19.云中的数据科学：使用“AzureMLSDK”的方法

文档摘要

云中的数据科学：使用“Azure ML SDK”的方法速写由 (@sketchthedocs) 创作 :---: 云中的数据科学：Azure ML SDK - 速写由 @nitya 创作目录：云中的数据科学：使用“Azure ML SDK”的方法课前测验引言 1.1 什么是Azure ML SDK？ 1.2 心力衰竭预测项目和数据集介绍使用Azure ML SDK训练模型 2.1 创建Azure ML工作区 2.2 创建计算实例 2.3 加载数据集 2.4 创建笔记本 2.5 训练模型 2.5.1 设置工作区、实验、计算集群和数据集 2.5.2 自动机器学习配置与训练使用Azure ML SDK部署模型及端点消费 3.1 保存最佳模型 3.2 模型部署 3.

云中的数据科学：使用“Azure ML SDK”的方法


云中的数据科学：Azure ML SDK - _速写由 @nitya 创作 _

云中的数据科学：使用“Azure ML SDK”的方法

课前测验

1. 引言

1.1 什么是Azure ML SDK？

数据科学家和AI开发者使用Azure Machine Learning SDK来构建和运行机器学习工作流。你可以在任何Python环境中与服务进行交互，包括Jupyter笔记本、Visual Studio Code或你最喜欢的Python集成开发环境。

SDK的关键领域包括：

探索、准备和管理用于机器学习实验的数据集的生命周期。
管理用于监控、日志记录和组织机器学习实验的云资源。
在本地或使用云资源（包括GPU加速的模型训练）上训练模型。
使用自动化机器学习，接受配置参数和训练数据。它会自动遍历算法和超参数设置以找到最佳模型进行预测。
部署Web服务，将训练好的模型转换为RESTful服务，可以在任何应用程序中使用。
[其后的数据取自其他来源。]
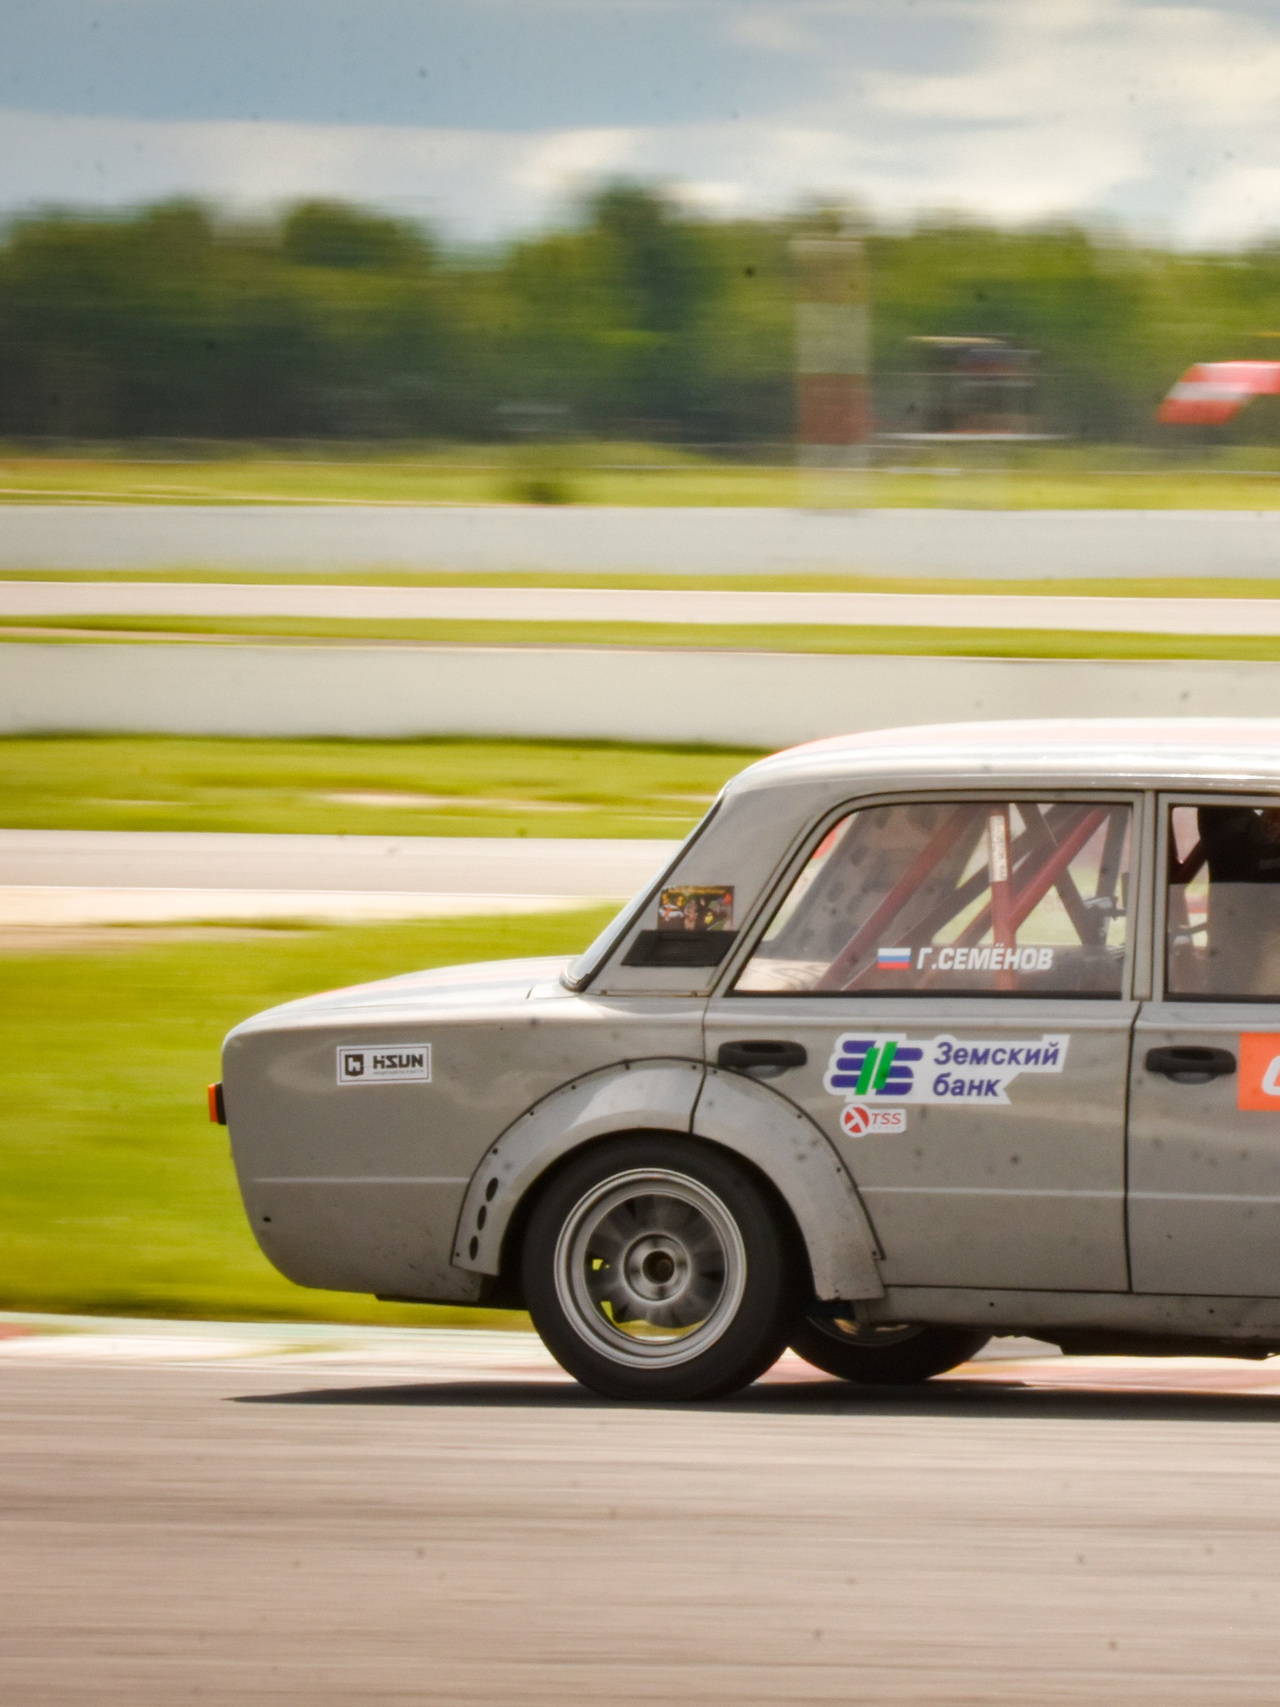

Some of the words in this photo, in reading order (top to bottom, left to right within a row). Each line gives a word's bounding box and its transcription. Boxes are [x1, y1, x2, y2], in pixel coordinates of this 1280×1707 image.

[916, 943, 1054, 970] Г.СЕМЁНОВ
[933, 1041, 1060, 1066] Земский
[932, 1072, 1001, 1097] банк
[871, 1112, 901, 1126] TSS
了解更多关于Azure Machine Learning SDK的信息

在上一课中，我们看到了如何以低代码/无代码的方式训练、部署和使用模型。我们使用了心力衰竭数据集来生成和预测心力衰竭的模型。在这节课中，我们将使用Azure Machine Learning SDK来做同样的事情。

项目架构图

1.2 心力衰竭预测项目和数据集介绍

请参阅这里了解心力衰竭预测项目和数据集的介绍。

2. 使用Azure ML SDK训练模型

2.1 创建Azure ML工作区

为了简单起见，我们将在一个Jupyter笔记本中工作。这意味着你已经有了一个工作区和一个计算实例。如果你已经有一个工作区，可以直接跳到2.3节“笔记本创建”。

如果没有，请按照上一课中的2.1 创建Azure ML工作区部分的说明创建一个工作区。

2.2 创建计算实例

在我们之前创建的Azure ML工作区中，转到计算菜单，你会看到不同的计算资源。

翻译后的文本保留了原文的结构，并且尽量使译文自然流畅。注意保留了所有的非翻译内容，如注释、实体名称、URL和路径等。


![compute-instance-1](https://www.aiknowledge.cn/images/初学者的数据科学课程/compute-instance-1.webp)

让我们创建一个计算实例来配置一个Jupyter笔记本。
1. 点击“+ 新建”按钮。
2. 给你的计算实例起个名字。
3. 选择你的选项：CPU或GPU，VM大小和核心数量。
4. 点击“创建”按钮。

恭喜，你刚刚创建了一个计算实例！我们将使用这个计算实例来创建笔记本。参见“创建笔记本”部分（#23-创建笔记本）。

### 2.3 加载数据集
如果你还没有上传数据集，请参阅上一课的**2.3 加载数据集**部分。

### 2.4 创建笔记本

> **_注意：_** 对于下一步，你可以从头开始创建一个新的笔记本，或者你可以在Azure ML Studio中上传我们创建的笔记本[notebook.ipynb](notebook.ipynb)。要上传它，只需点击“笔记本”菜单并上传笔记本。

笔记本是数据科学过程中的重要组成部分。它们可以用于进行探索性数据分析（EDA），调用计算机集群训练模型，调用推理集群部署端点等。

要创建笔记本，我们需要一个提供Jupyter笔记本实例的计算节点。返回到[Azure ML工作区](https://ml.azure.com/)，点击计算实例。在计算实例列表中，你应该能看到我们之前创建的计算实例。

1. 在应用程序部分，点击Jupyter选项。
2. 勾选“我理解”复选框，然后点击继续按钮。
![notebook-1](https://www.aiknowledge.cn/images/初学者的数据科学课程/notebook-1.webp)
3. 这将打开一个新的浏览器标签页，显示你的Jupyter笔记本实例。点击“新建”按钮创建一个笔记本。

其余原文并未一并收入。